#### [Records for this task]
*** Block opens ***

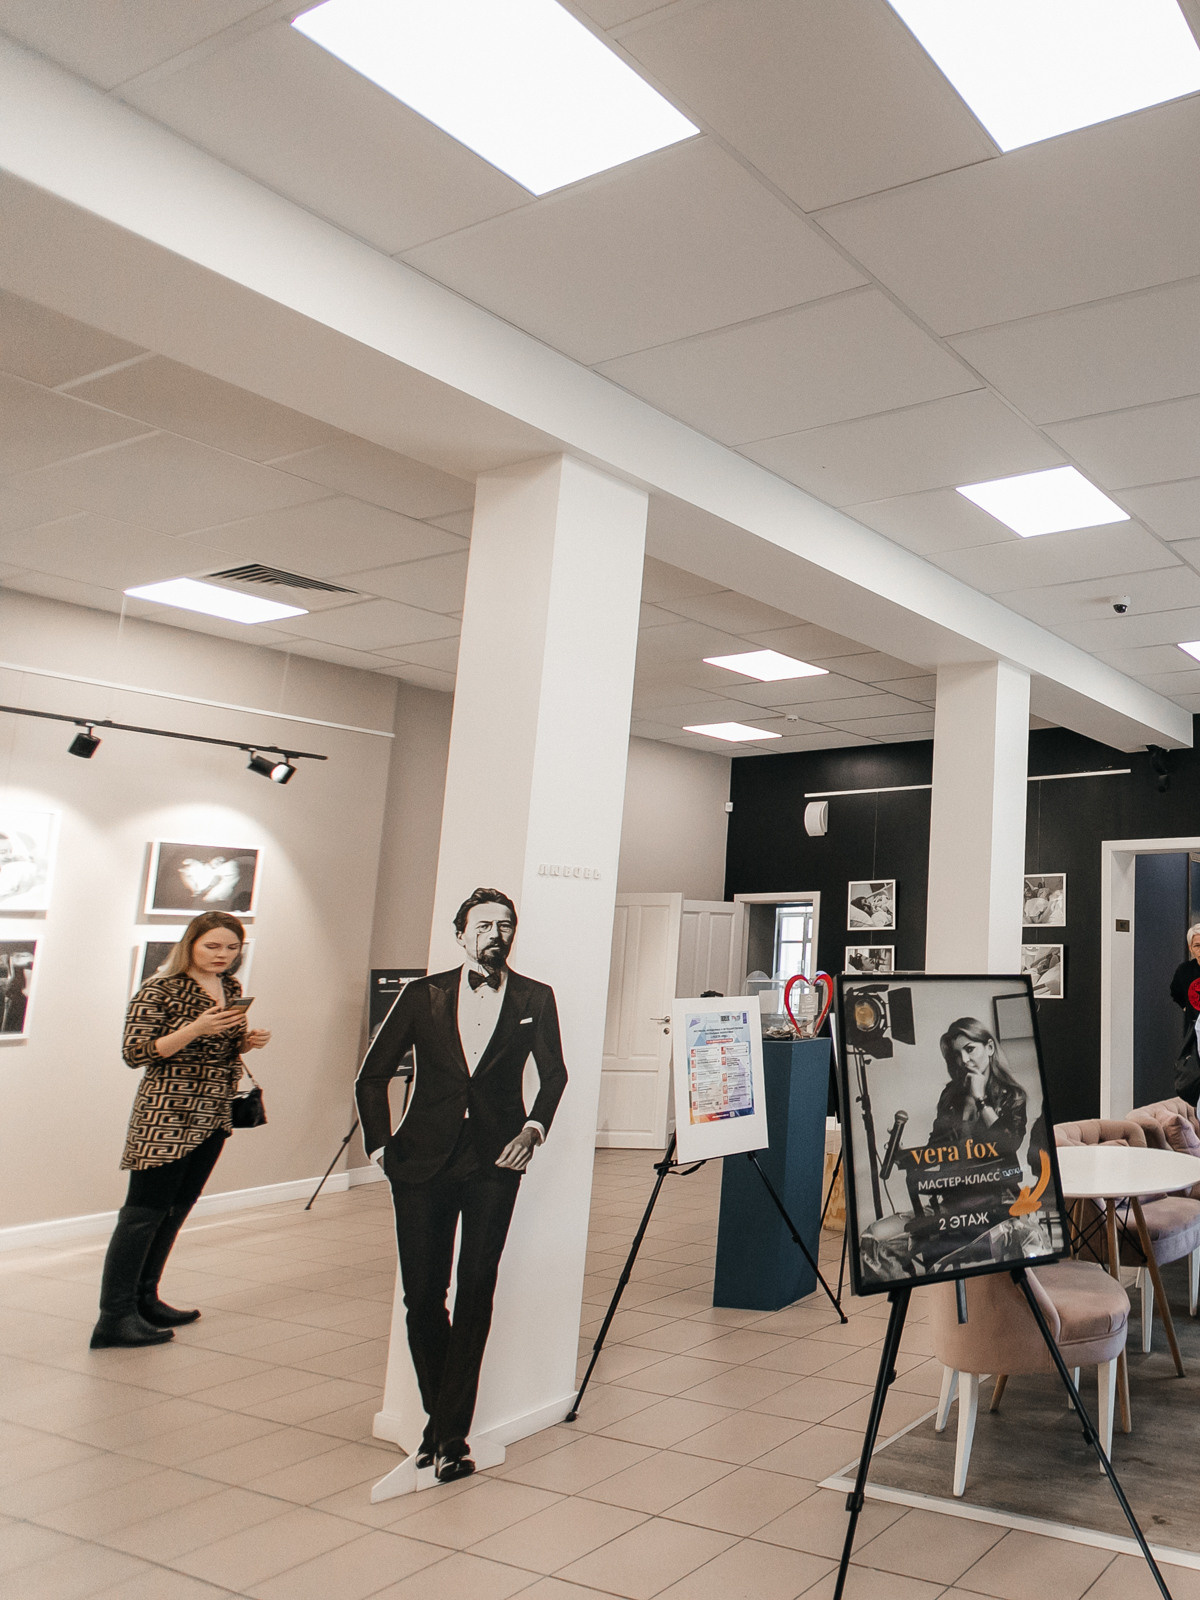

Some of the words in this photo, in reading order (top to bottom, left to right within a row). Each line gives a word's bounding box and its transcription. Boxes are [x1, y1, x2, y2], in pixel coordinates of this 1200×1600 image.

[911, 1144, 960, 1166] vera
[965, 1138, 999, 1160] fox
[917, 1171, 1001, 1191] МАСТЕР-КЛАСС
[938, 1216, 947, 1231] 2
[949, 1211, 990, 1229] ЭТАЖ
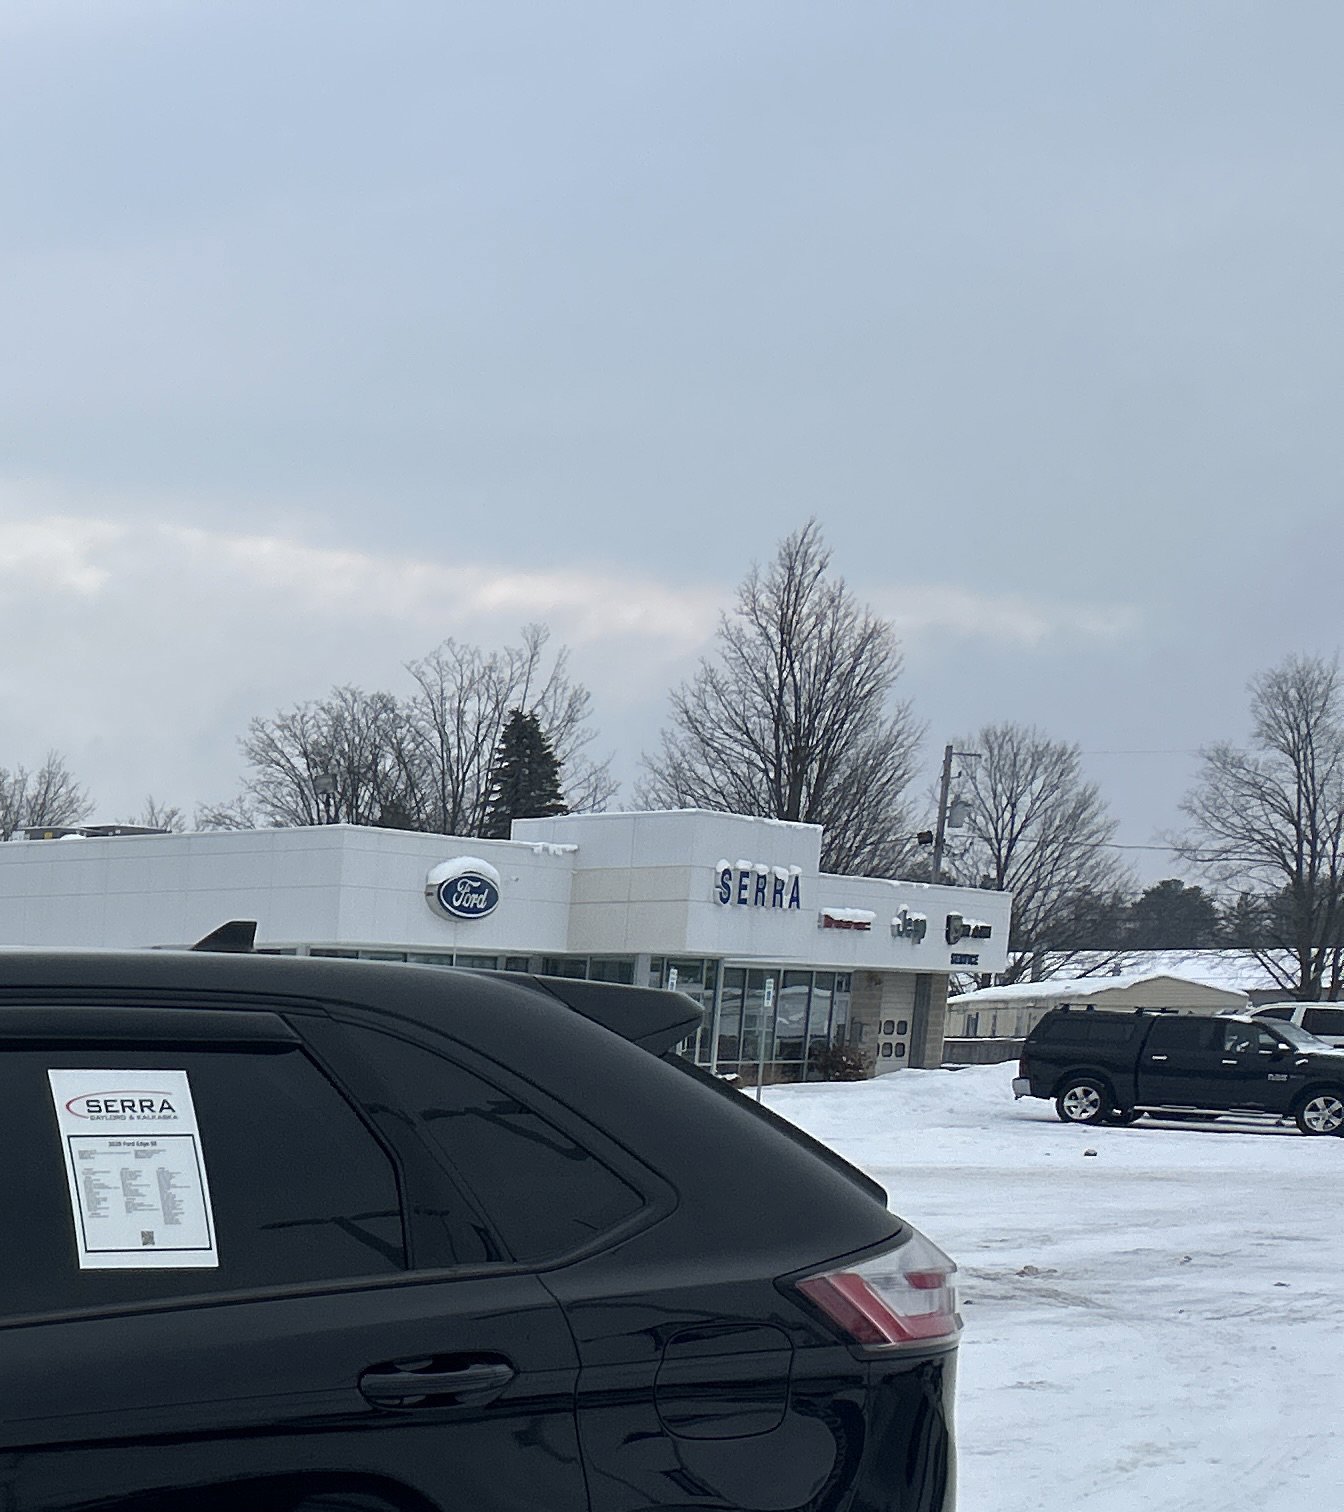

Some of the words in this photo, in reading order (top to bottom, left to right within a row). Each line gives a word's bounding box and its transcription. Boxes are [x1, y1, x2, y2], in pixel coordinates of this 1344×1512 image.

*** Block closes ***

If an entry contains a picture, omit it; restate everything else word for word.

#### [Solution to this exercise]
Some of the words in this photo, in reading order (top to bottom, left to right within a row). Each line gives a word's bounding box and its transcription. Boxes are [x1, y1, x2, y2], in pixel coordinates of this 1200×1600 image.

[911, 1144, 960, 1166] vera
[965, 1138, 999, 1160] fox
[917, 1171, 1001, 1191] МАСТЕР-КЛАСС
[938, 1216, 947, 1231] 2
[949, 1211, 990, 1229] ЭТАЖ

Some of the words in this photo, in reading order (top to bottom, left to right within a row). Each line gives a word's bounding box and its transcription. Boxes are [x1, y1, x2, y2], in pixel coordinates of this 1344×1512 image.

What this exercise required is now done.